§ Instructions to follow
Each line from the one containing "this 2048×1305 image." through the end of the data is to be written out exactly, and nothing more.

Saved data entries:
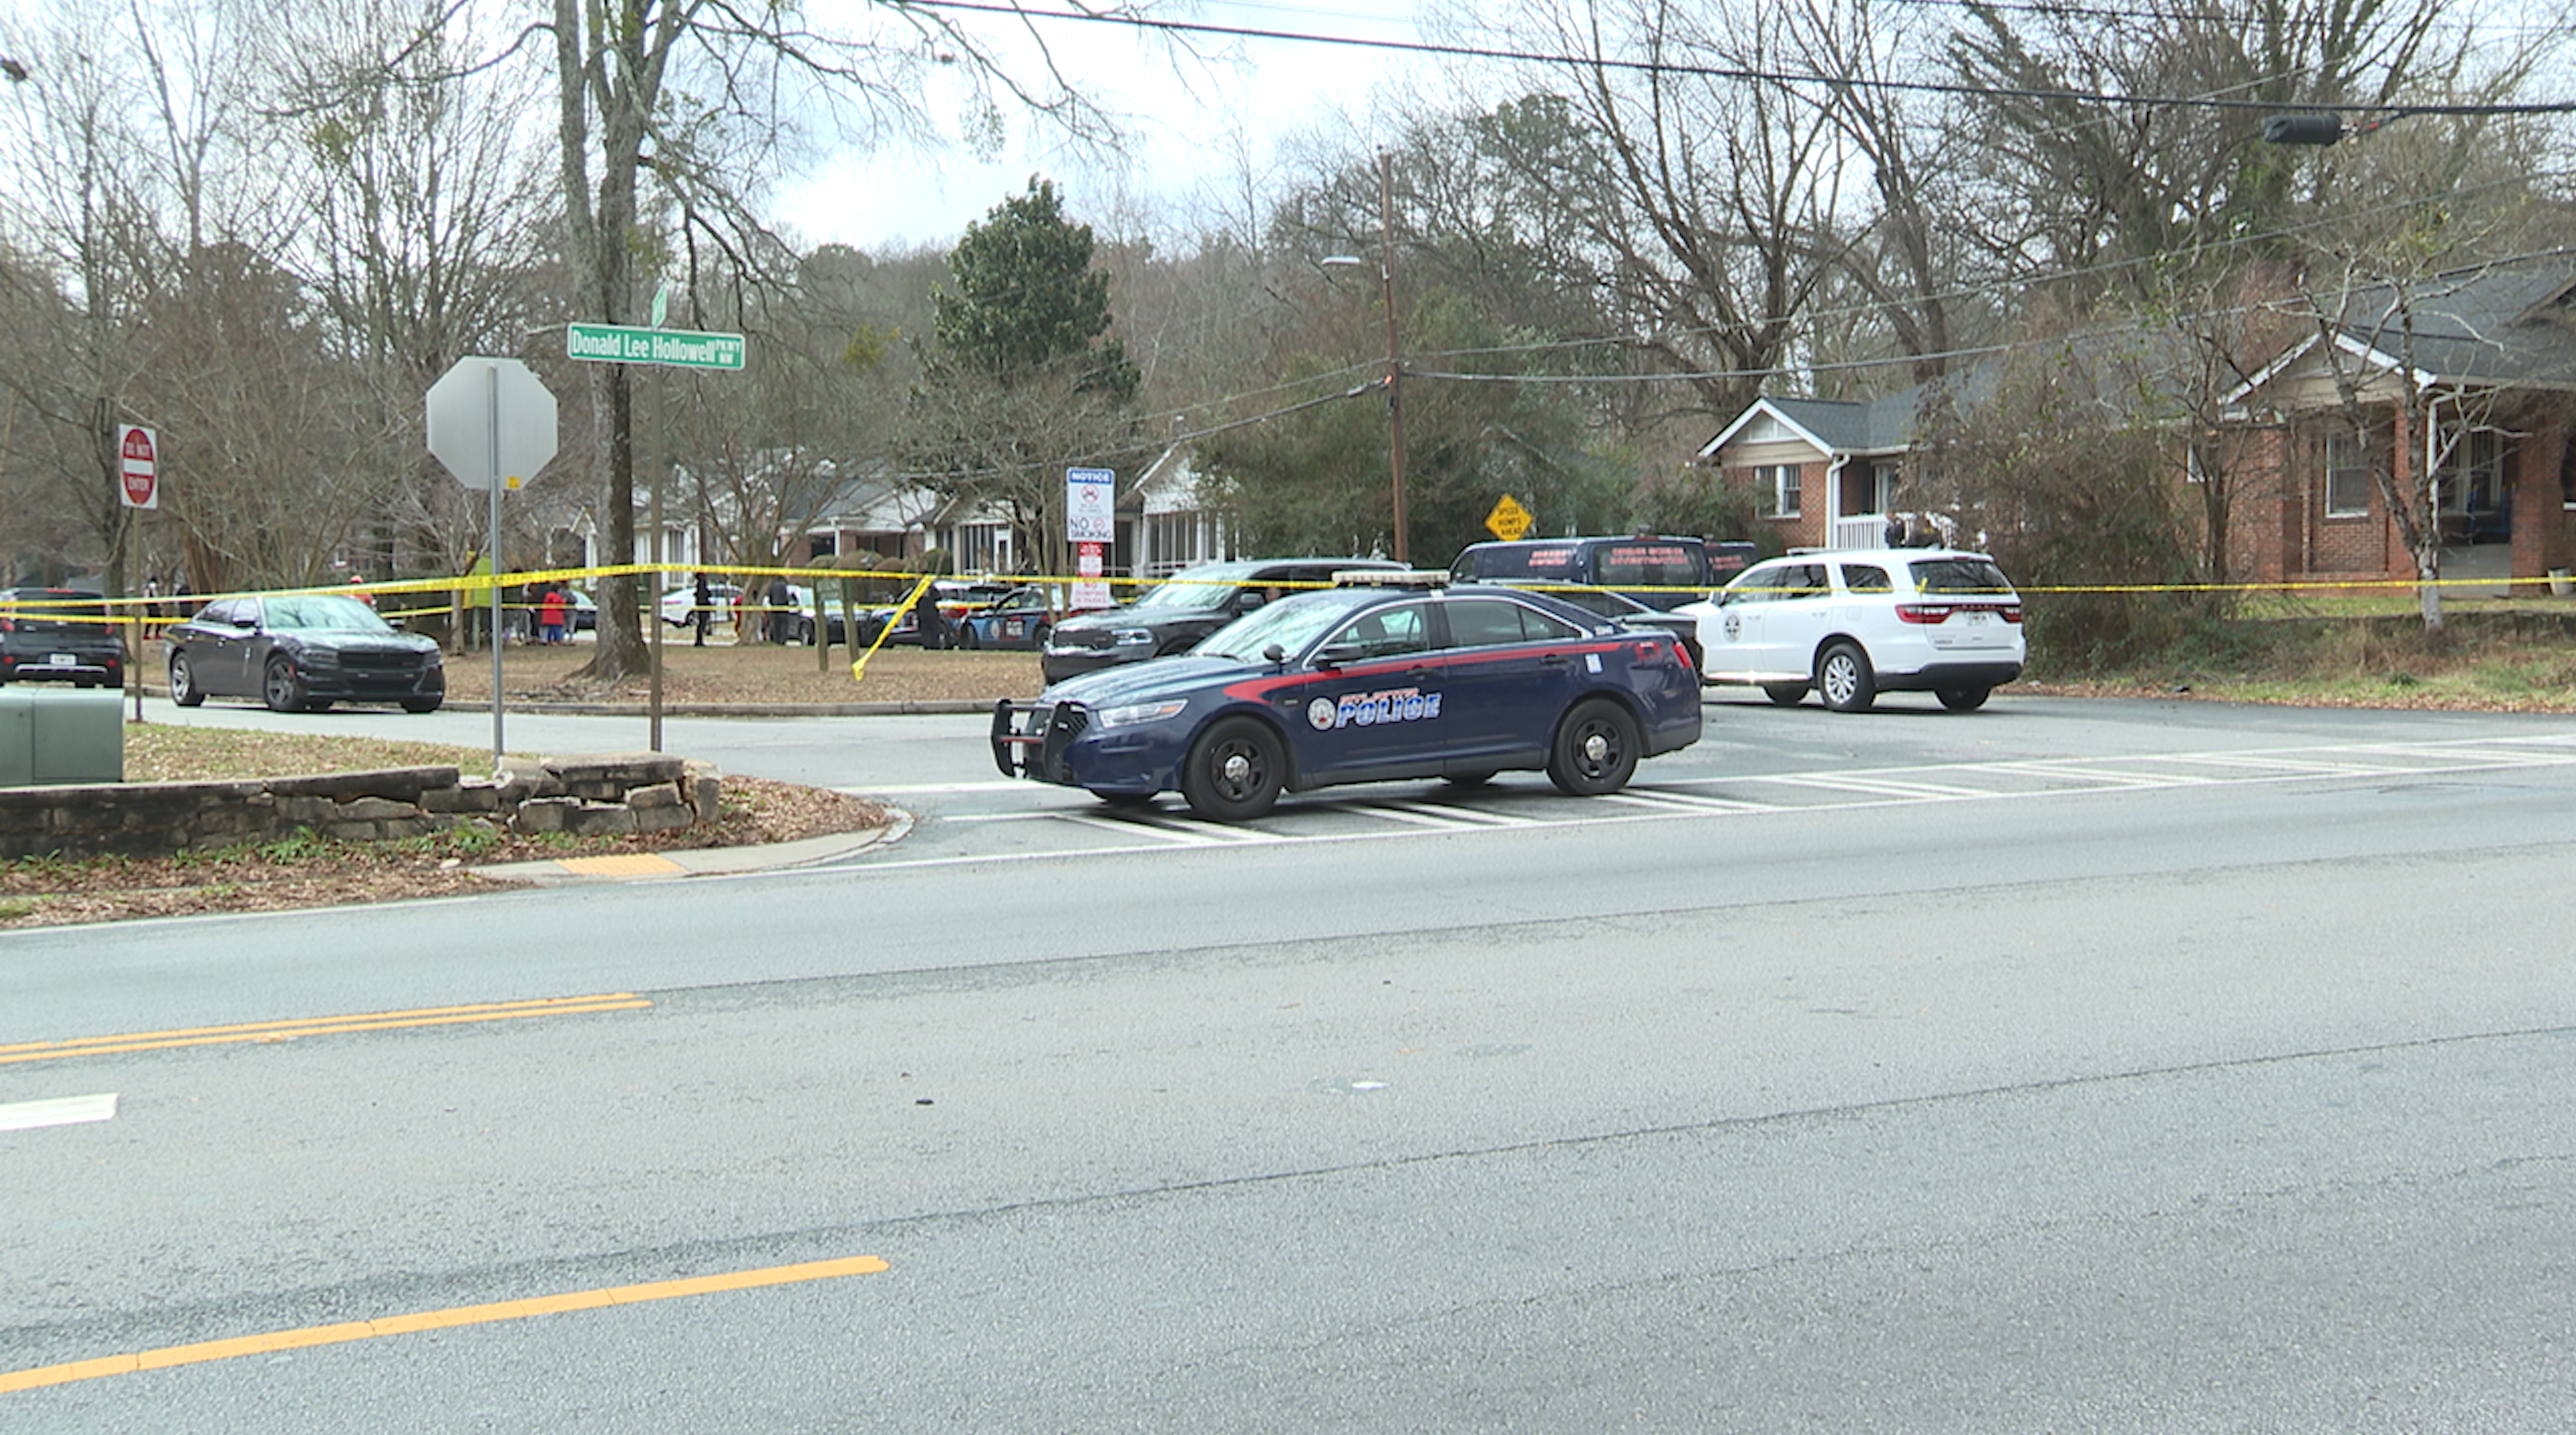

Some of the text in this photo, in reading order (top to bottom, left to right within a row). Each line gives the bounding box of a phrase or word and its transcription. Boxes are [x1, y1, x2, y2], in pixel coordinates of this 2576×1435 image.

[572, 329, 716, 362] Donald Lee Hollowell
[716, 338, 741, 352] PKWY
[719, 352, 735, 364] NW
[125, 442, 151, 458] DO NOT
[127, 476, 150, 492] ENTER
[1072, 472, 1111, 483] NOTICE
[1071, 517, 1089, 530] NO
[1071, 530, 1111, 539] SMOKING
[1335, 691, 1442, 729] POLICE
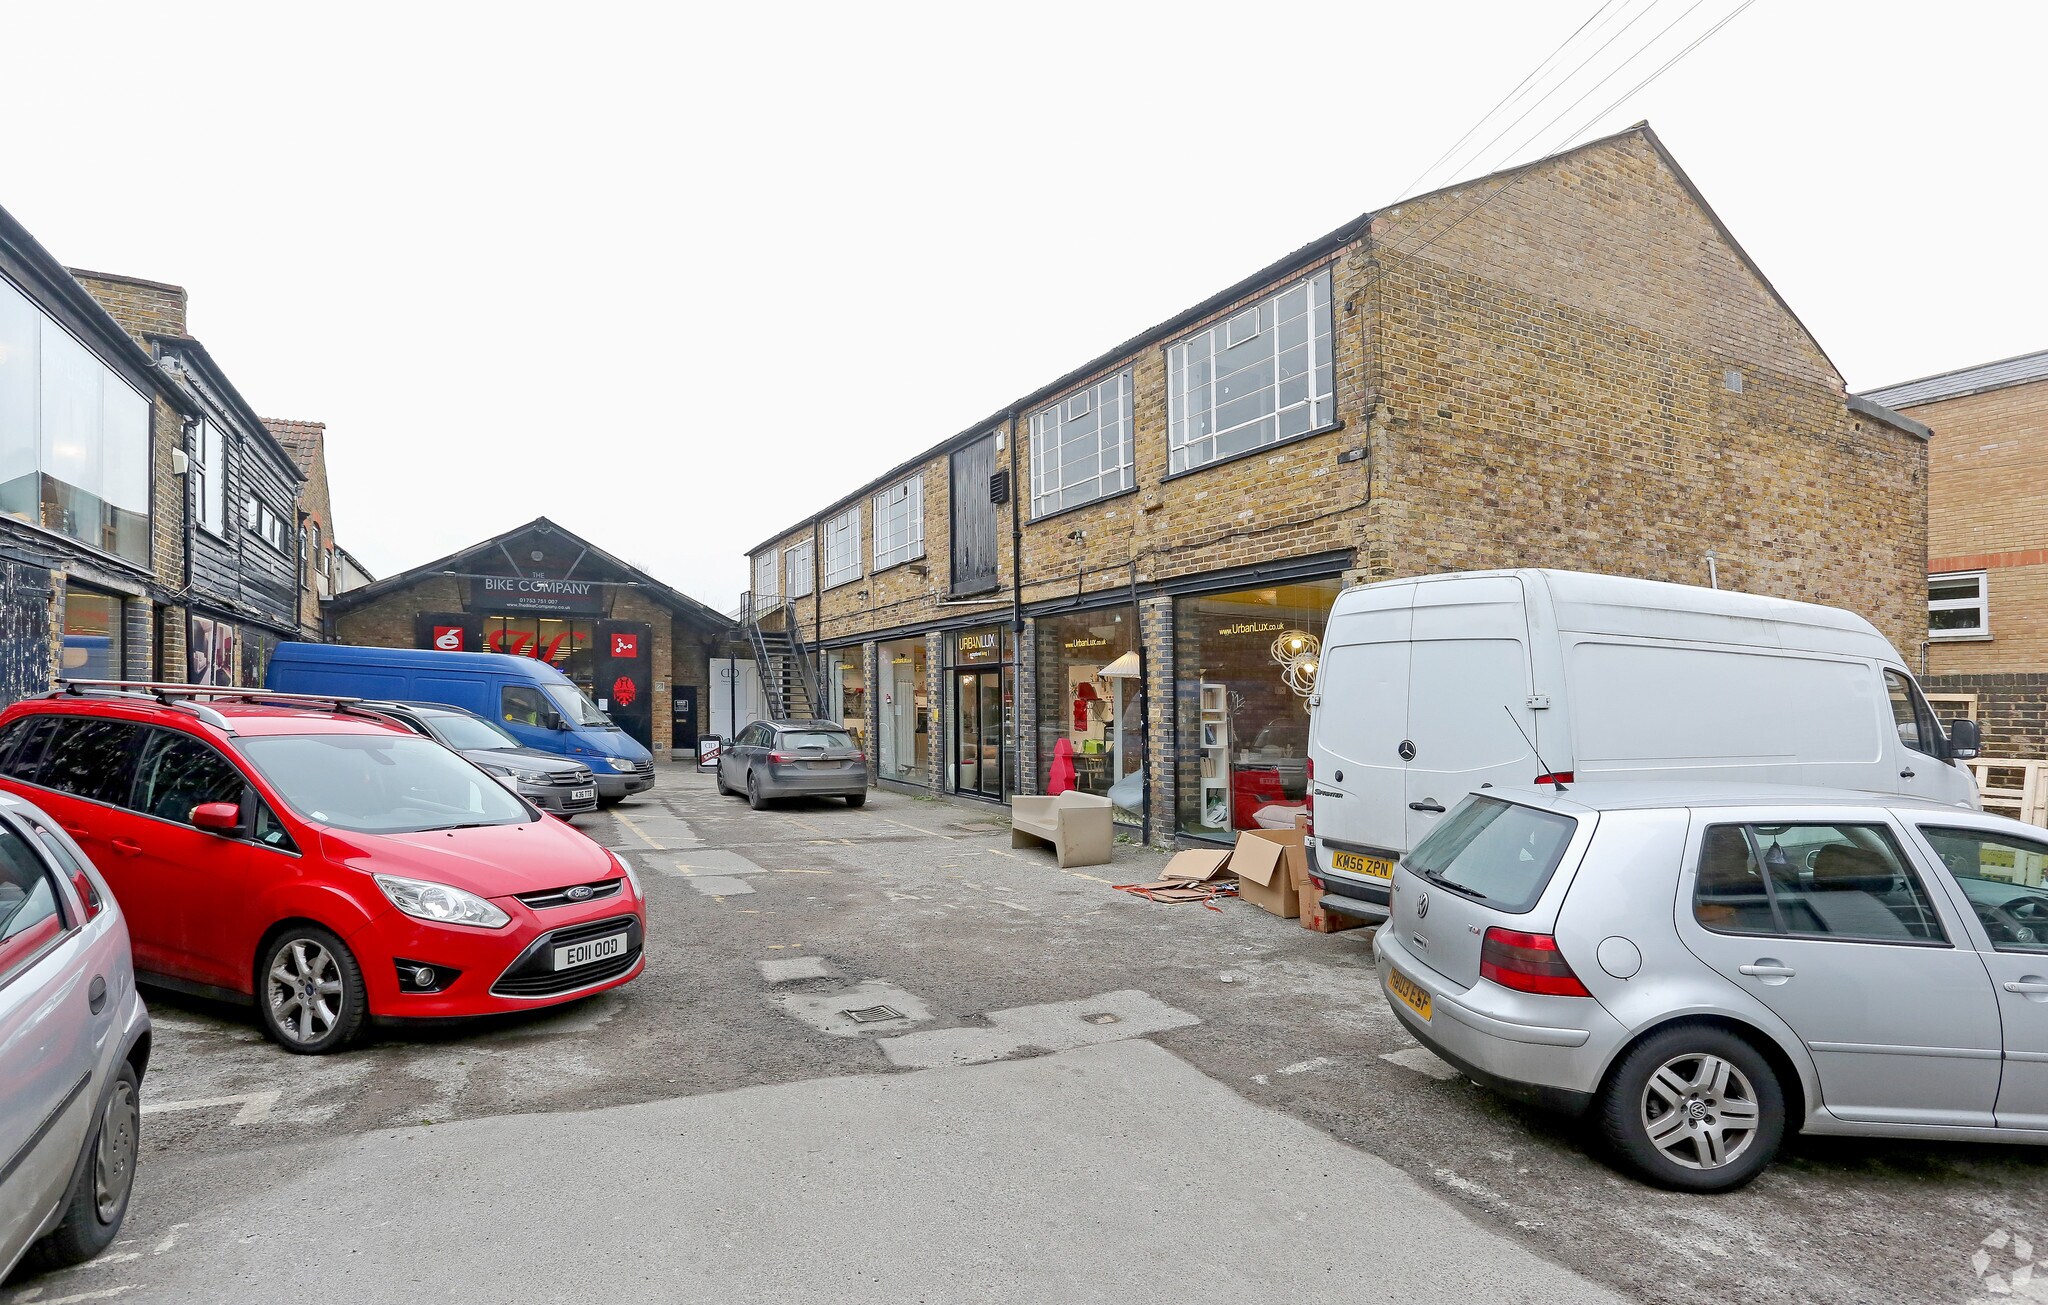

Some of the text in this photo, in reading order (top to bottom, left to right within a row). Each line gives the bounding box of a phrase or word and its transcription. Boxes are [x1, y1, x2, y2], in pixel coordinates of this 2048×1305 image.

[532, 571, 545, 579] THE
[485, 578, 591, 595] BIKE COMPANY
[506, 602, 571, 610] www.TheBikeCompany.co.uk
[1219, 622, 1285, 635] www.UrbanLux.co.uk
[958, 633, 995, 651] URBANLUX
[703, 750, 719, 760] SALE
[1336, 853, 1389, 877] KM56 ZPN

§ Response to this exercise
Some of the text in this photo, in reading order (top to bottom, left to right within a row). Each line gives the bounding box of a phrase or word and its transcription. Boxes are [x1, y1, x2, y2], in pixel coordinates of this 2048×1305 image.

[532, 571, 545, 579] THE
[485, 578, 591, 595] BIKE COMPANY
[506, 602, 571, 610] www.TheBikeCompany.co.uk
[1219, 622, 1285, 635] www.UrbanLux.co.uk
[958, 633, 995, 651] URBANLUX
[703, 750, 719, 760] SALE
[1336, 853, 1389, 877] KM56 ZPN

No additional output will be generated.